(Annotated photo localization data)
==========
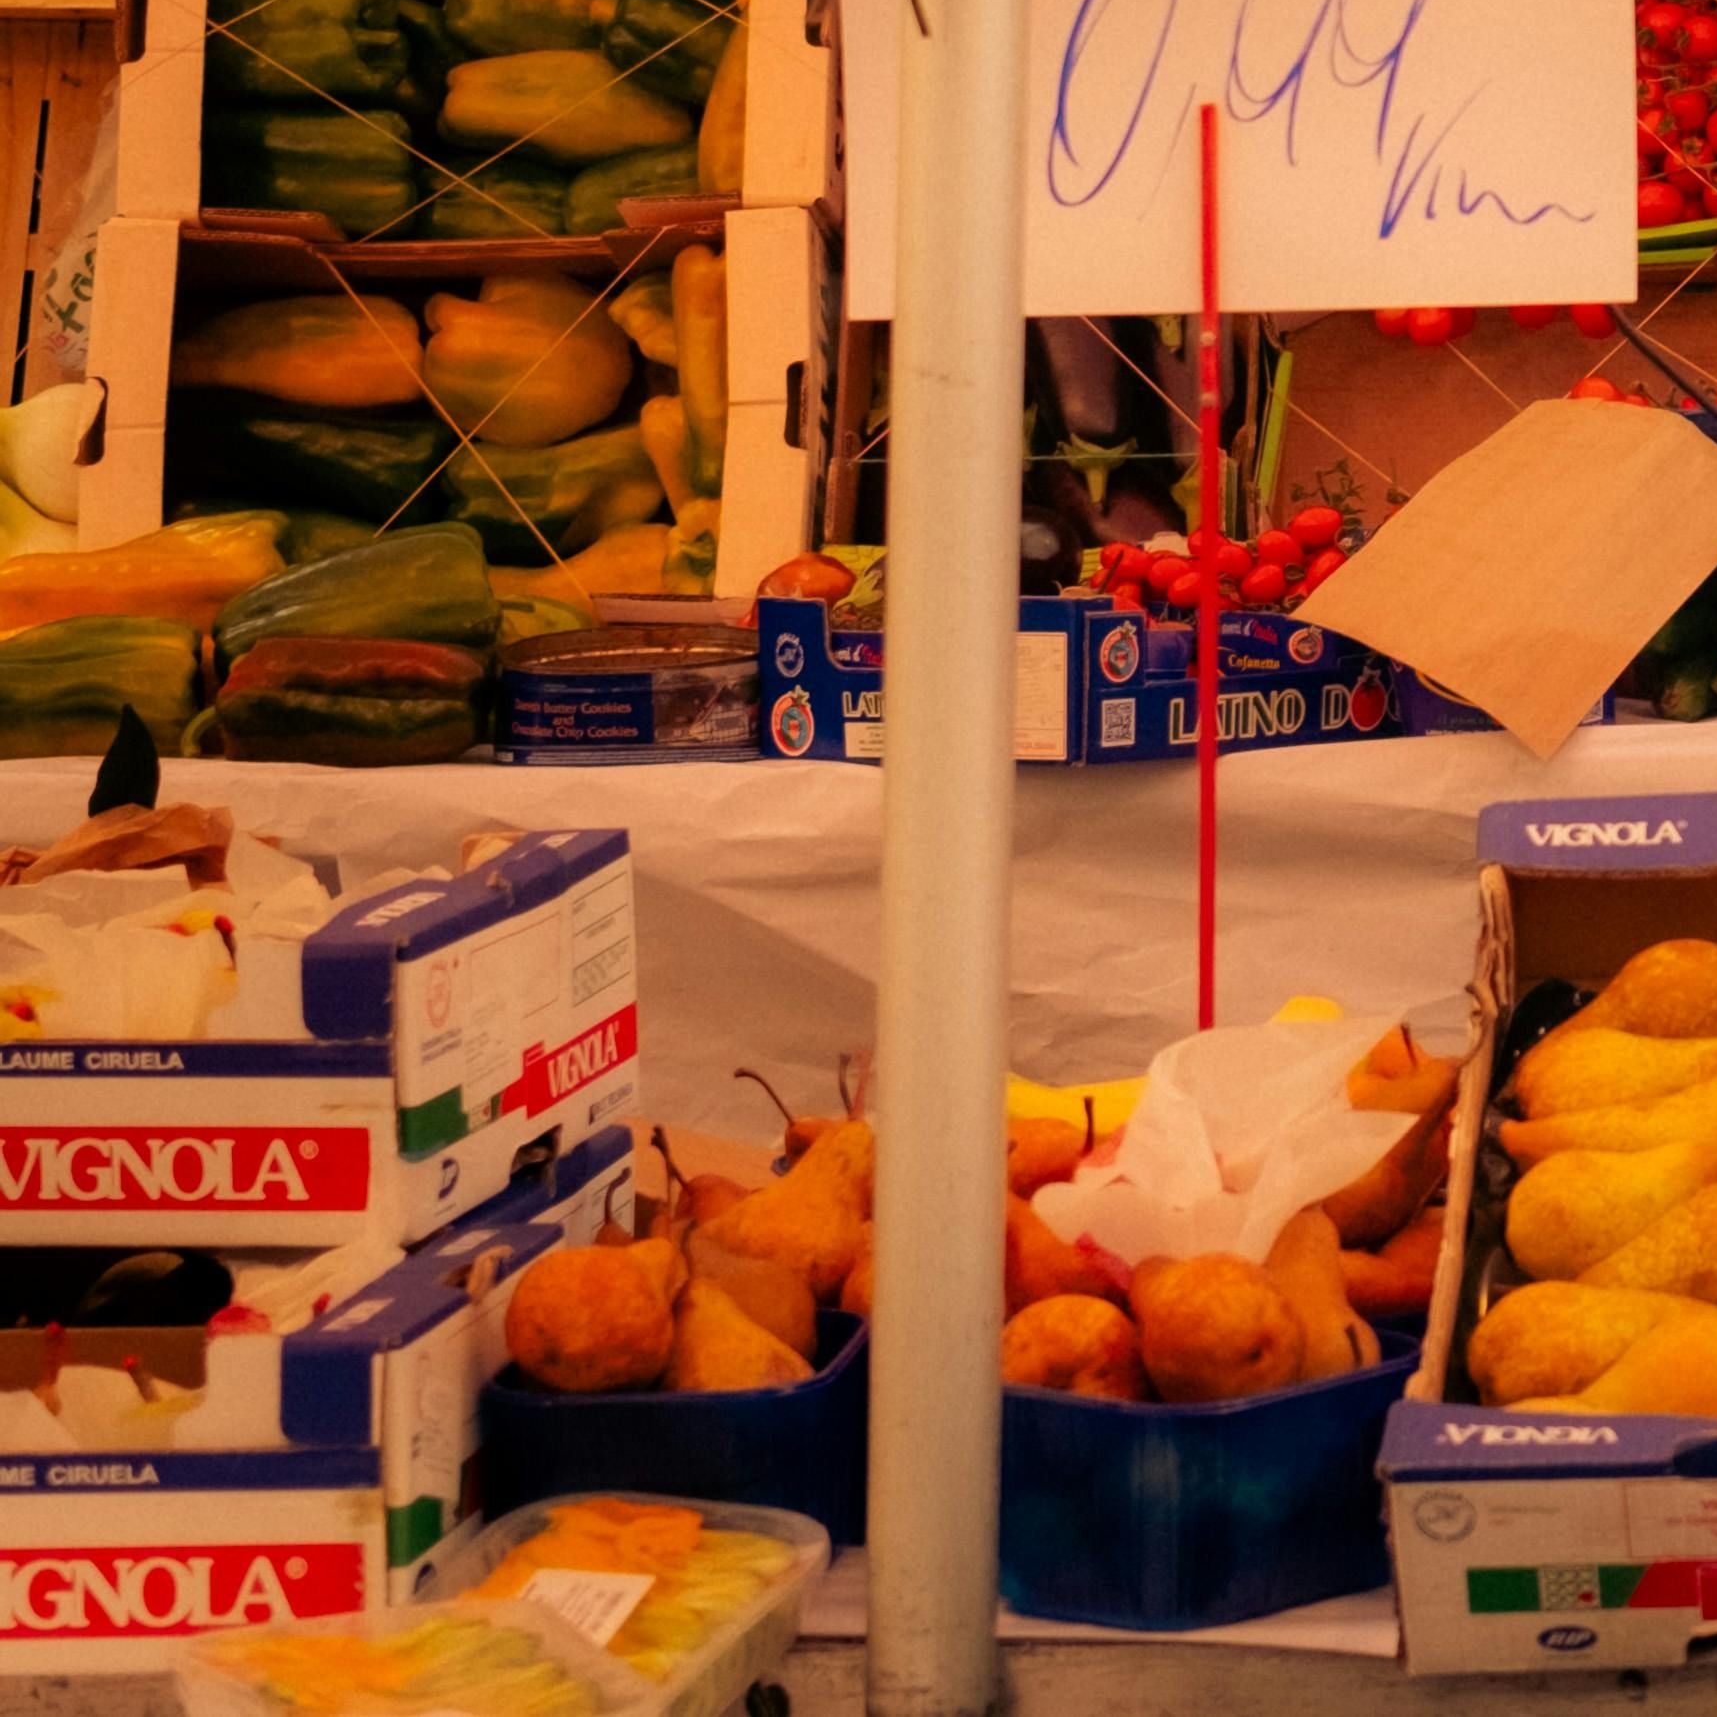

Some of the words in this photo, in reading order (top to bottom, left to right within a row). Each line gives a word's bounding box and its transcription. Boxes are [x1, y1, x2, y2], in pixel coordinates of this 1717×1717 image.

[580, 701, 633, 714] Cookies
[1168, 688, 1306, 746] LTINO
[552, 714, 575, 727] and
[555, 725, 585, 741] Chip
[586, 725, 640, 738] Cookies
[1524, 820, 1683, 848] VIGNOLA
[84, 1051, 185, 1071] CIRUELA
[546, 1021, 619, 1100] VIGNOLA
[1443, 1422, 1619, 1446] VIGNOLA
[45, 1463, 161, 1486] CIRUELA
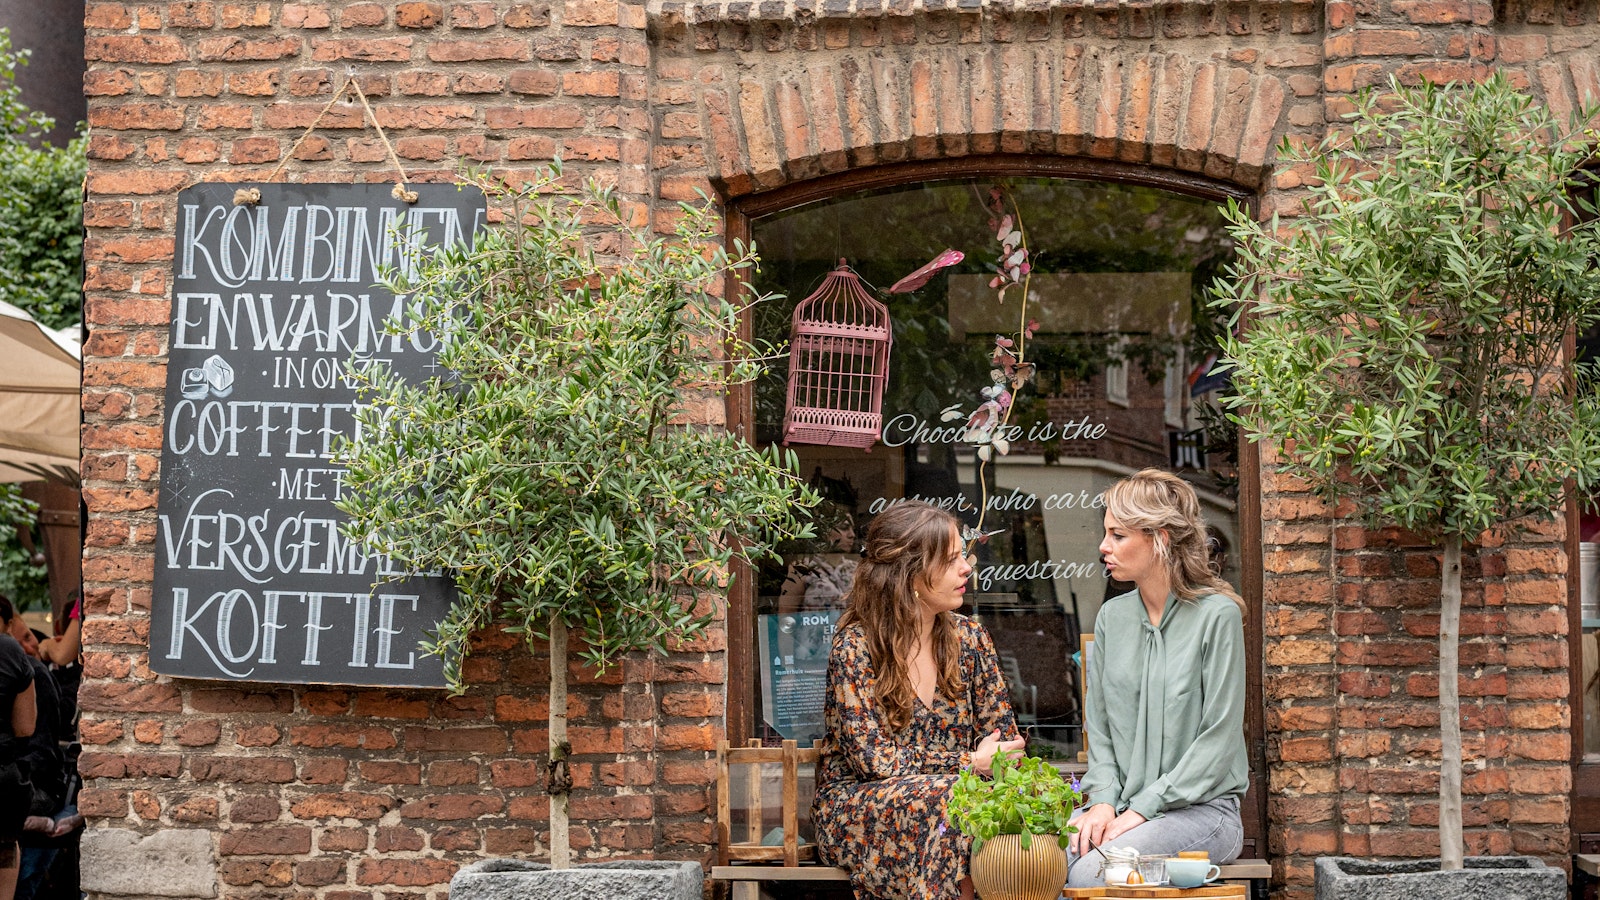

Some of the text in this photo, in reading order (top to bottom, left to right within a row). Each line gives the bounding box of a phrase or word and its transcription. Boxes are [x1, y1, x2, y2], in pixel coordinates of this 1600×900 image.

[273, 357, 306, 389] IN
[1028, 420, 1058, 442] is
[1062, 415, 1107, 441] the
[278, 468, 352, 500] MET
[986, 486, 1038, 512] who
[1043, 489, 1108, 510] care
[978, 559, 1097, 592] question
[165, 587, 420, 678] KOFFIE
[802, 615, 829, 626] ROM
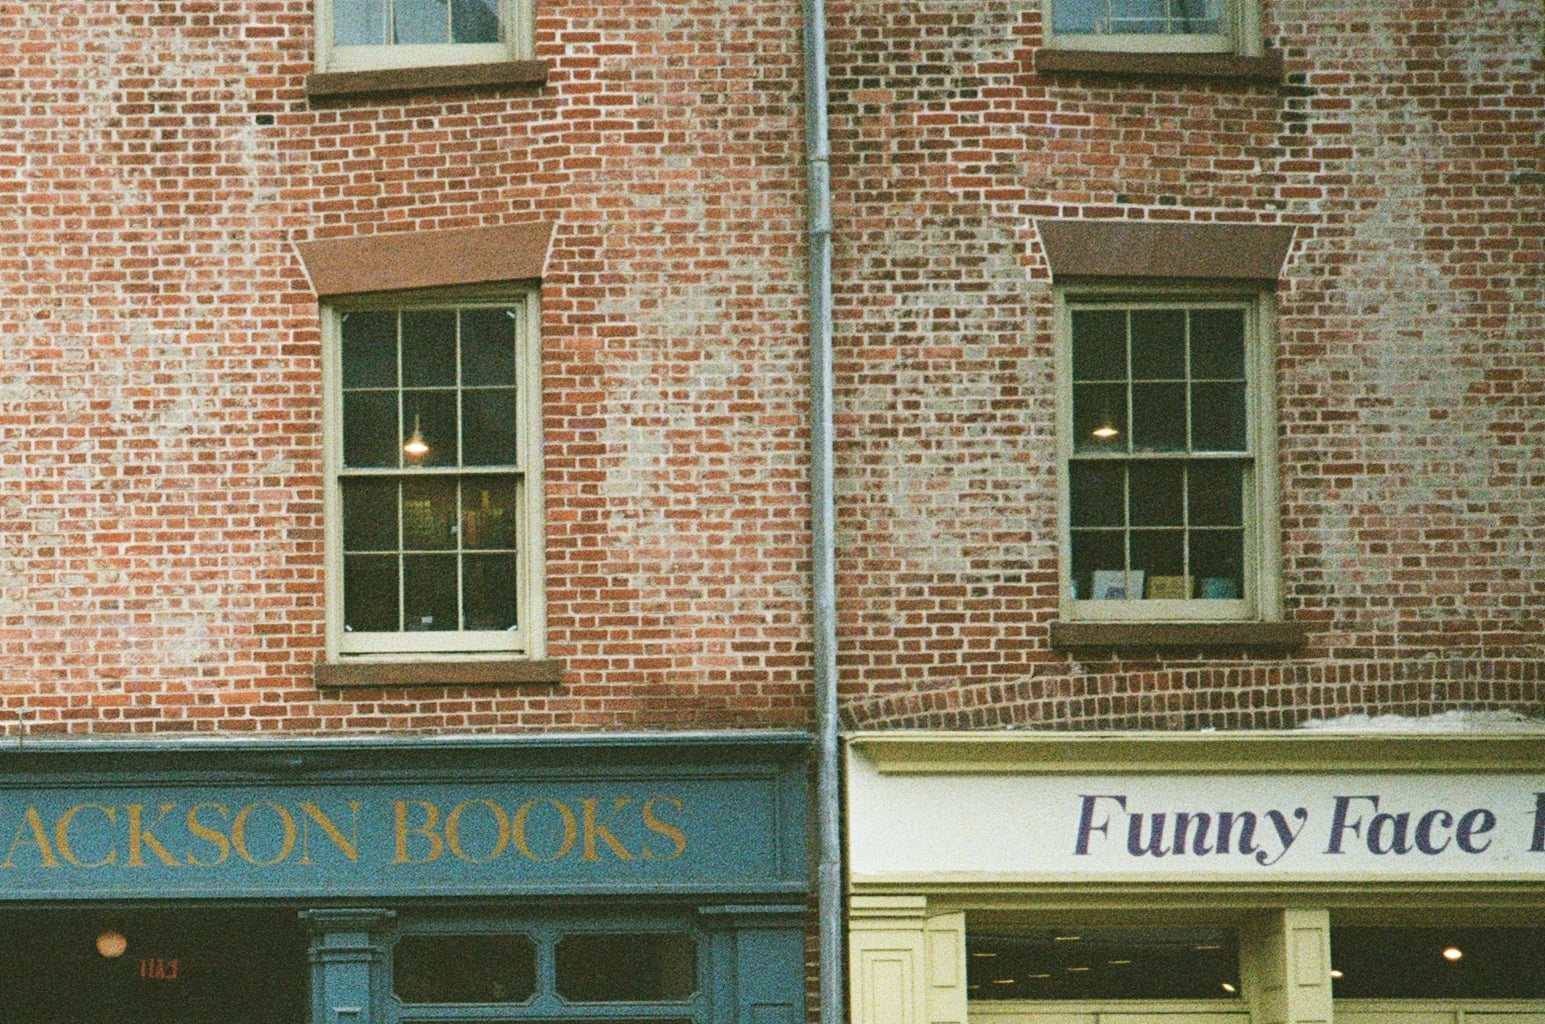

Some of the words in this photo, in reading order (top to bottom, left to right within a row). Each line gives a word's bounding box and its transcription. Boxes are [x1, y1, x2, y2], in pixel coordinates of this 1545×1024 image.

[390, 796, 687, 864] BOOKS
[1073, 793, 1308, 866] Funny
[1322, 794, 1497, 858] Face
==========
_EXERCISE OBJECTIVE_.
Without including any pictures, copy every line above exactly.

_THE COMPLETED TASK_.
Some of the words in this photo, in reading order (top to bottom, left to right within a row). Each line gives a word's bounding box and its transcription. Boxes are [x1, y1, x2, y2], in pixel coordinates of this 1717×1717 image.

[580, 701, 633, 714] Cookies
[1168, 688, 1306, 746] LTINO
[552, 714, 575, 727] and
[555, 725, 585, 741] Chip
[586, 725, 640, 738] Cookies
[1524, 820, 1683, 848] VIGNOLA
[84, 1051, 185, 1071] CIRUELA
[546, 1021, 619, 1100] VIGNOLA
[1443, 1422, 1619, 1446] VIGNOLA
[45, 1463, 161, 1486] CIRUELA

Some of the text in this photo, in reading order (top to bottom, left to right within a row). Each line gives the bounding box of a phrase or word and its transcription. Boxes are [x1, y1, x2, y2], in pixel coordinates of this 1600×900 image.

[273, 357, 306, 389] IN
[1028, 420, 1058, 442] is
[1062, 415, 1107, 441] the
[278, 468, 352, 500] MET
[986, 486, 1038, 512] who
[1043, 489, 1108, 510] care
[978, 559, 1097, 592] question
[165, 587, 420, 678] KOFFIE
[802, 615, 829, 626] ROM

Some of the words in this photo, in reading order (top to bottom, left to right within a row). Each line gives a word's bounding box and its transcription. Boxes are [x1, y1, x2, y2], in pixel coordinates of this 1545×1024 image.

[390, 796, 687, 864] BOOKS
[1073, 793, 1308, 866] Funny
[1322, 794, 1497, 858] Face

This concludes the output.